What you are asked to do =
An exact, word-for-word copy of the entries is required, beginning at the line that contains "this 1920×1279 image." and ending at the last line, both included.

Data for this exercise =
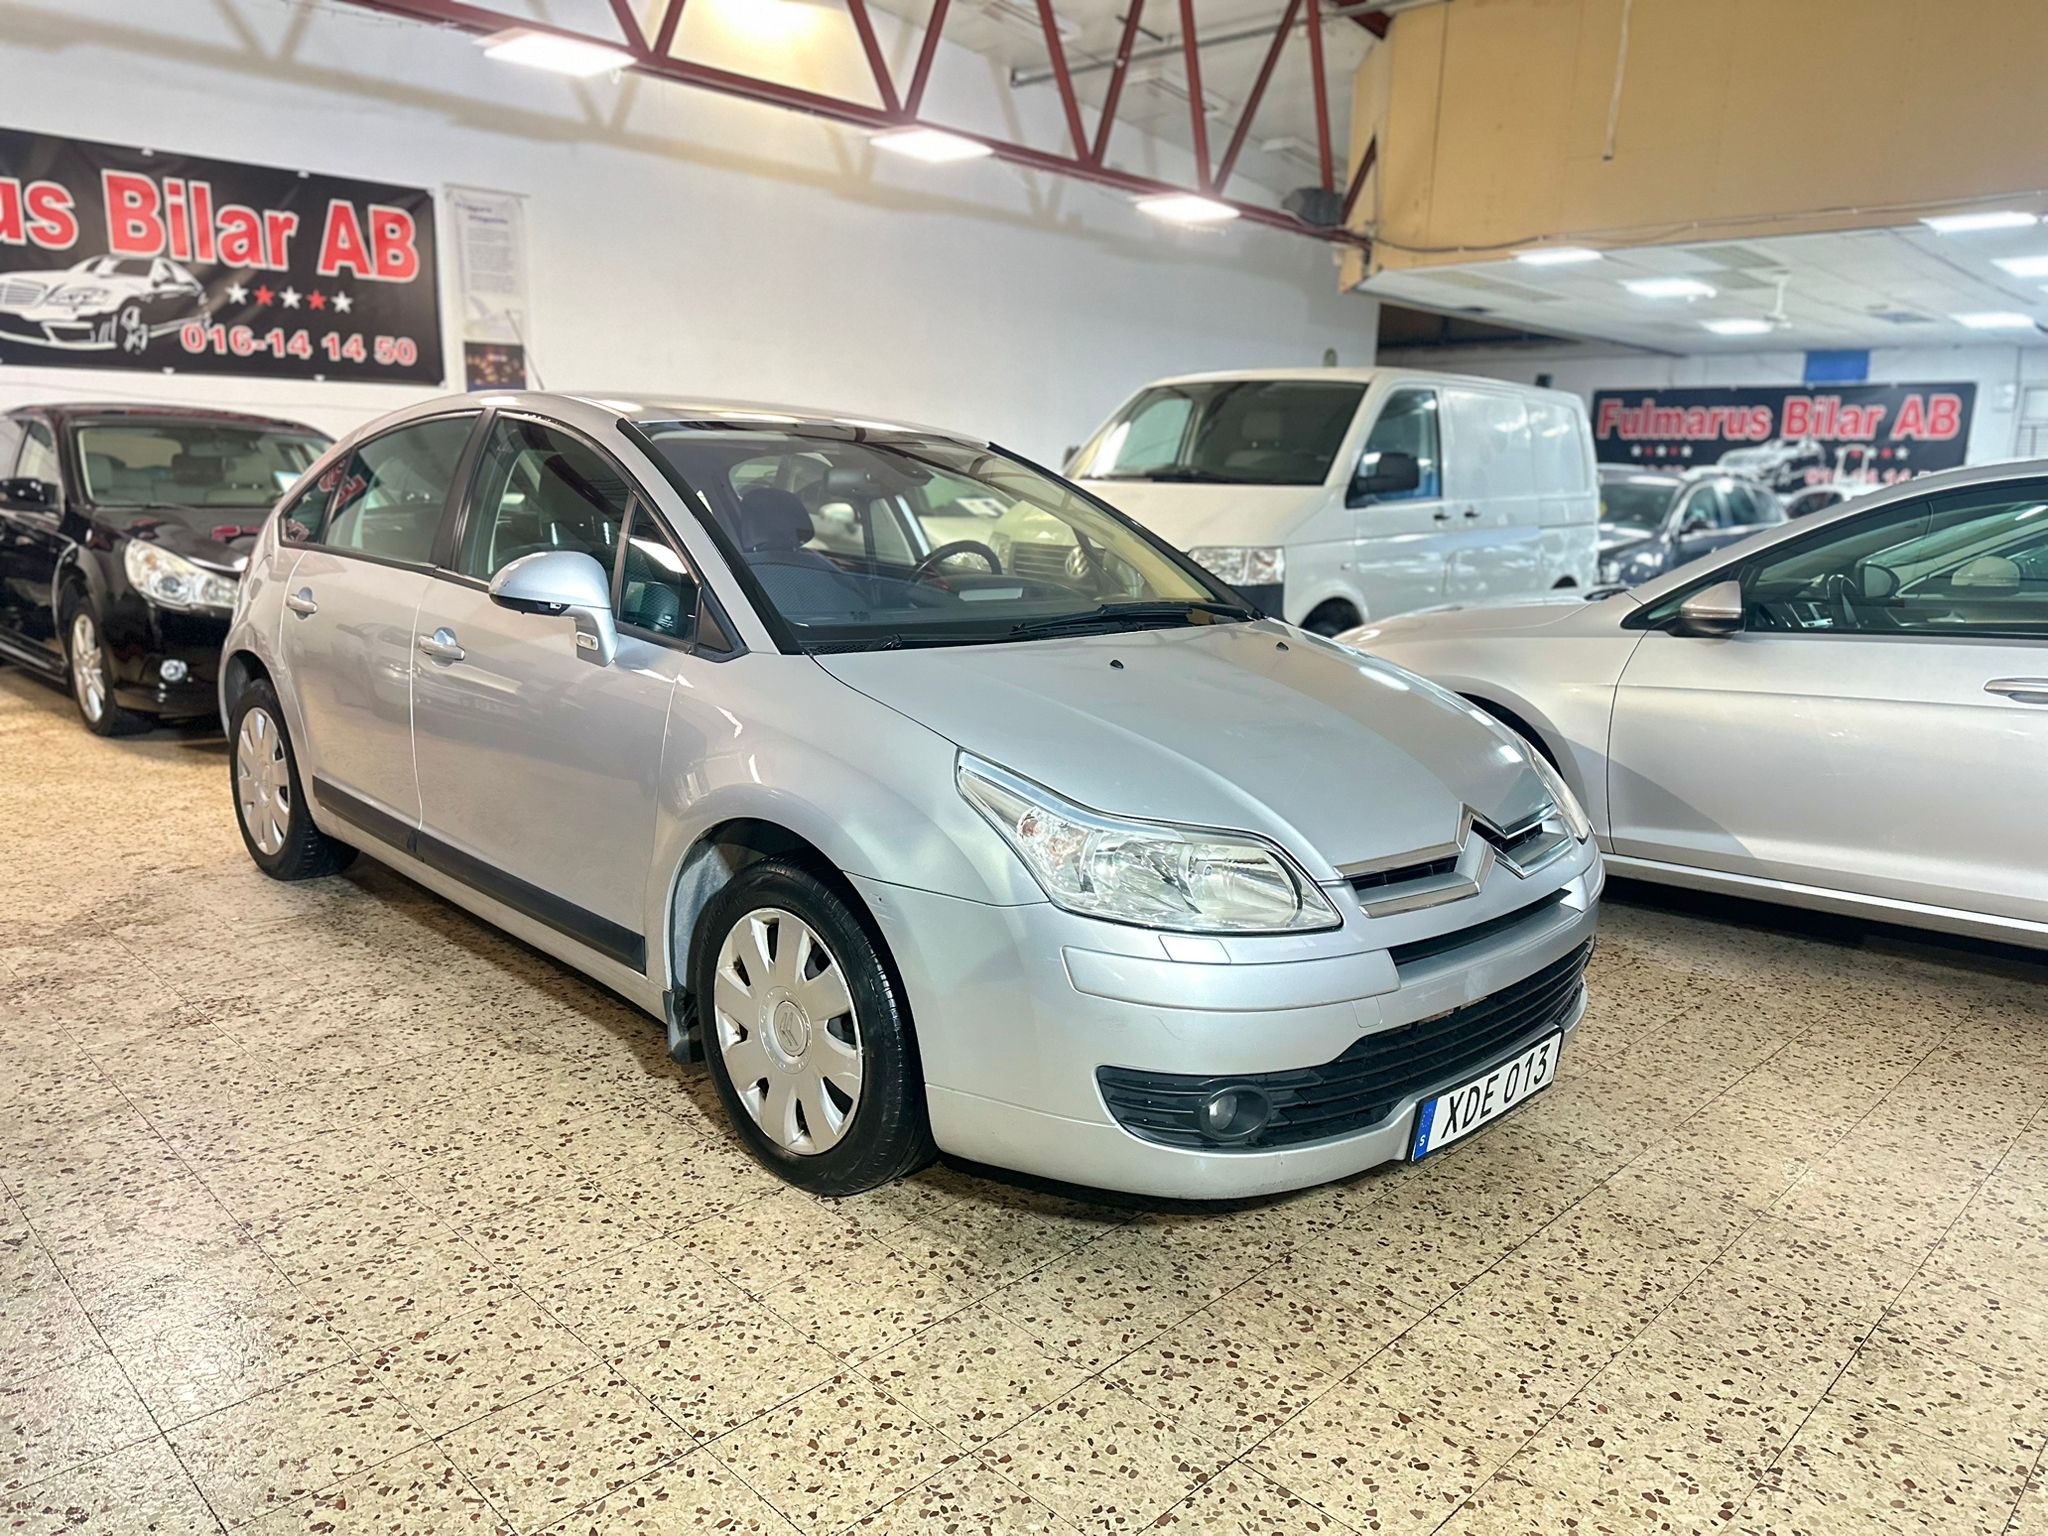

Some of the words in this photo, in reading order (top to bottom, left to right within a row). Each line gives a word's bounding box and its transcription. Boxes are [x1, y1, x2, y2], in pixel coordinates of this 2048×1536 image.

[101, 168, 299, 271] Bilar
[316, 199, 420, 282] AB
[180, 323, 313, 360] 016-14
[321, 331, 367, 363] 14
[373, 335, 418, 366] 50
[1597, 398, 1773, 440] Fulmarus
[1780, 395, 1886, 440] Bilar
[1888, 393, 1962, 440] AB
[1441, 1073, 1499, 1139] XDE
[1504, 1043, 1550, 1104] 013
[1419, 1134, 1426, 1147] S
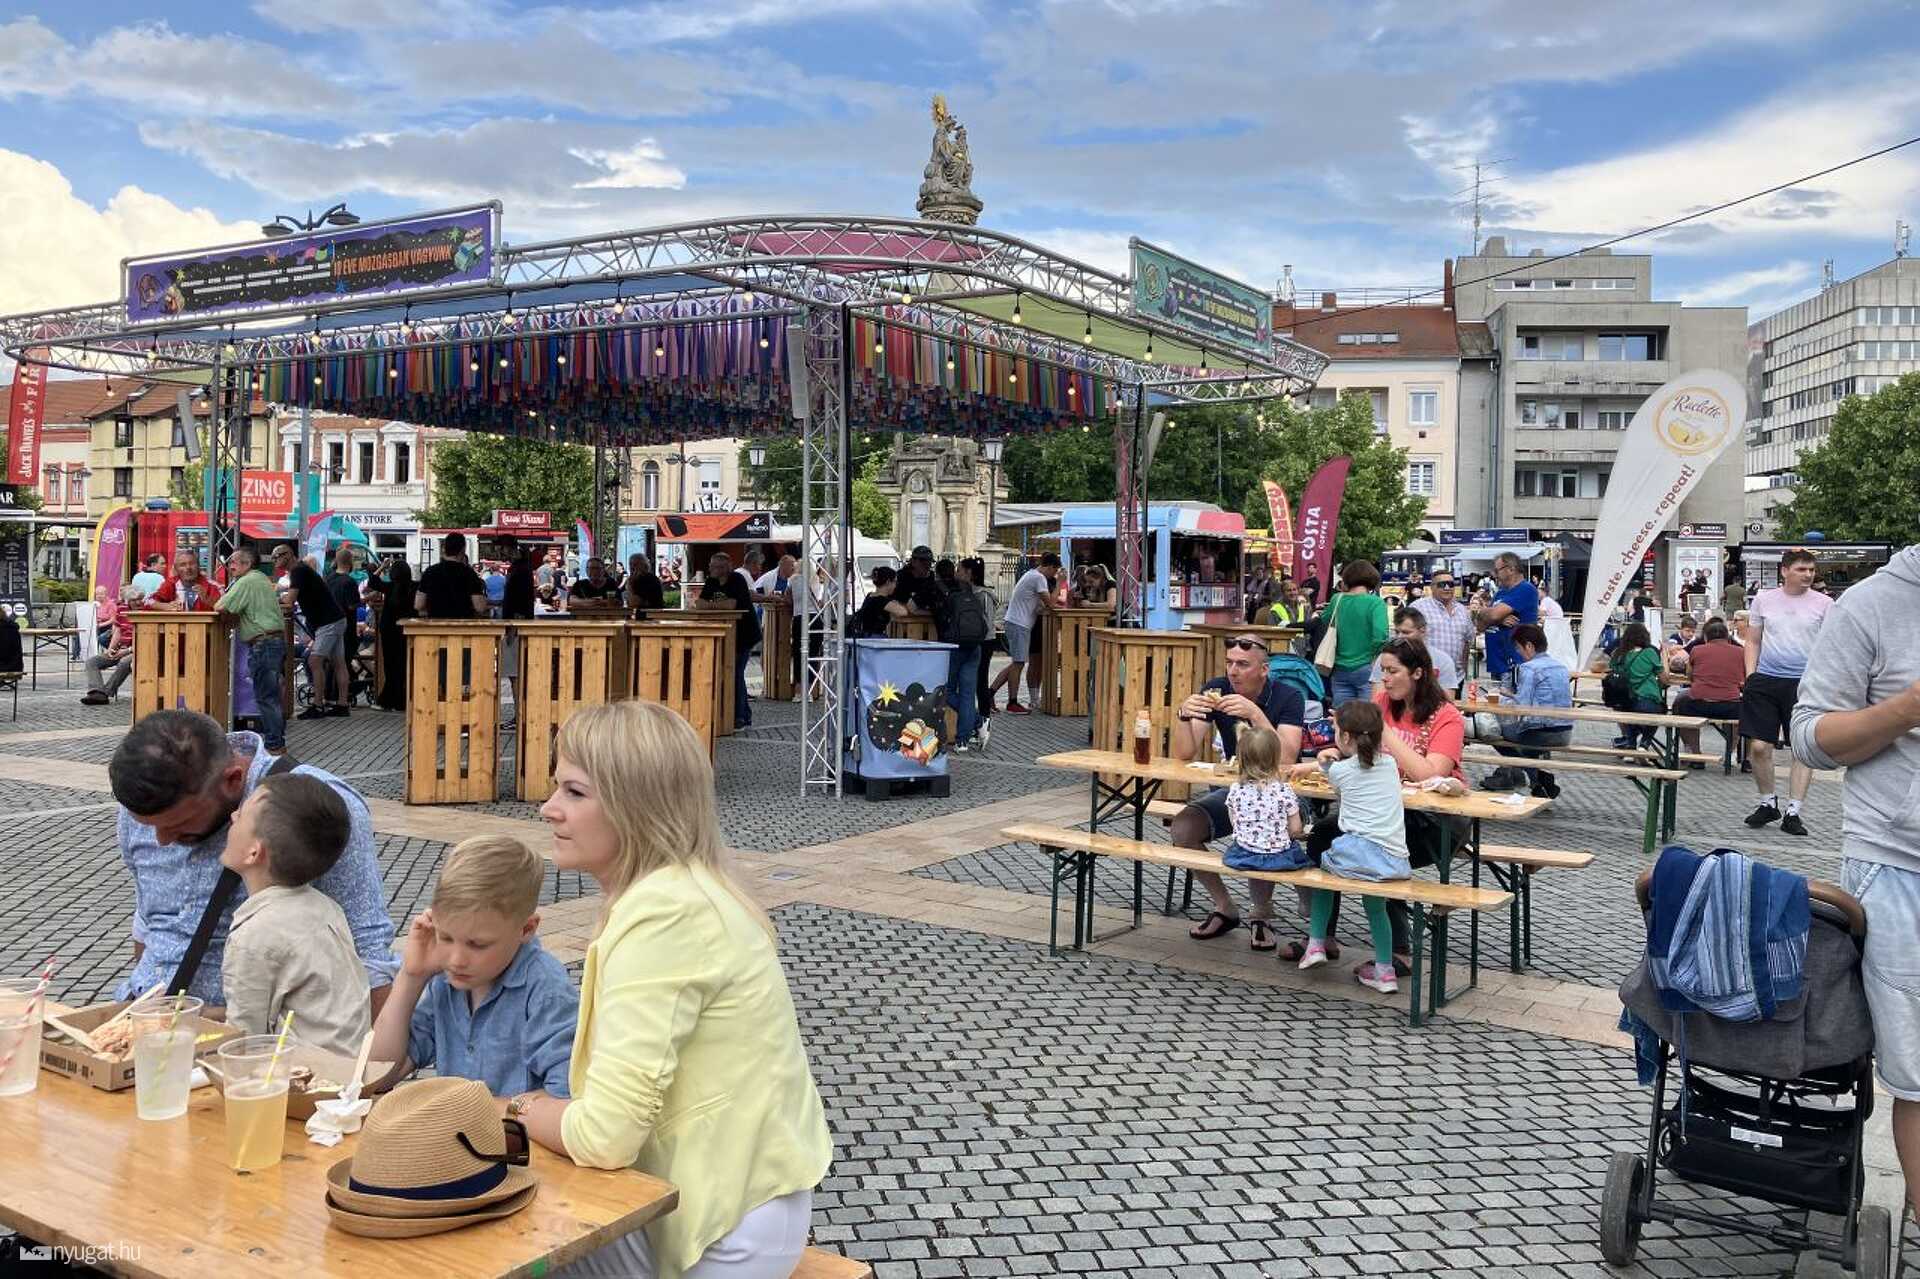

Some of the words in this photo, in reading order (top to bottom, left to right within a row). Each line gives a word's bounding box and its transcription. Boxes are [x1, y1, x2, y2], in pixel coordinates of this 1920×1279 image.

[26, 367, 40, 396] FIR
[241, 478, 286, 498] ZING
[344, 515, 362, 524] ANS
[364, 515, 393, 524] STORE
[1301, 507, 1321, 560] COSTA
[1597, 569, 1625, 606] taste.
[1620, 519, 1658, 566] cheese.
[1655, 463, 1696, 516] repeat!

Response to the exercise =
Some of the words in this photo, in reading order (top to bottom, left to right within a row). Each line gives a word's bounding box and its transcription. Boxes are [x1, y1, x2, y2], in pixel coordinates of this 1920×1279 image.

[26, 367, 40, 396] FIR
[241, 478, 286, 498] ZING
[344, 515, 362, 524] ANS
[364, 515, 393, 524] STORE
[1301, 507, 1321, 560] COSTA
[1597, 569, 1625, 606] taste.
[1620, 519, 1658, 566] cheese.
[1655, 463, 1696, 516] repeat!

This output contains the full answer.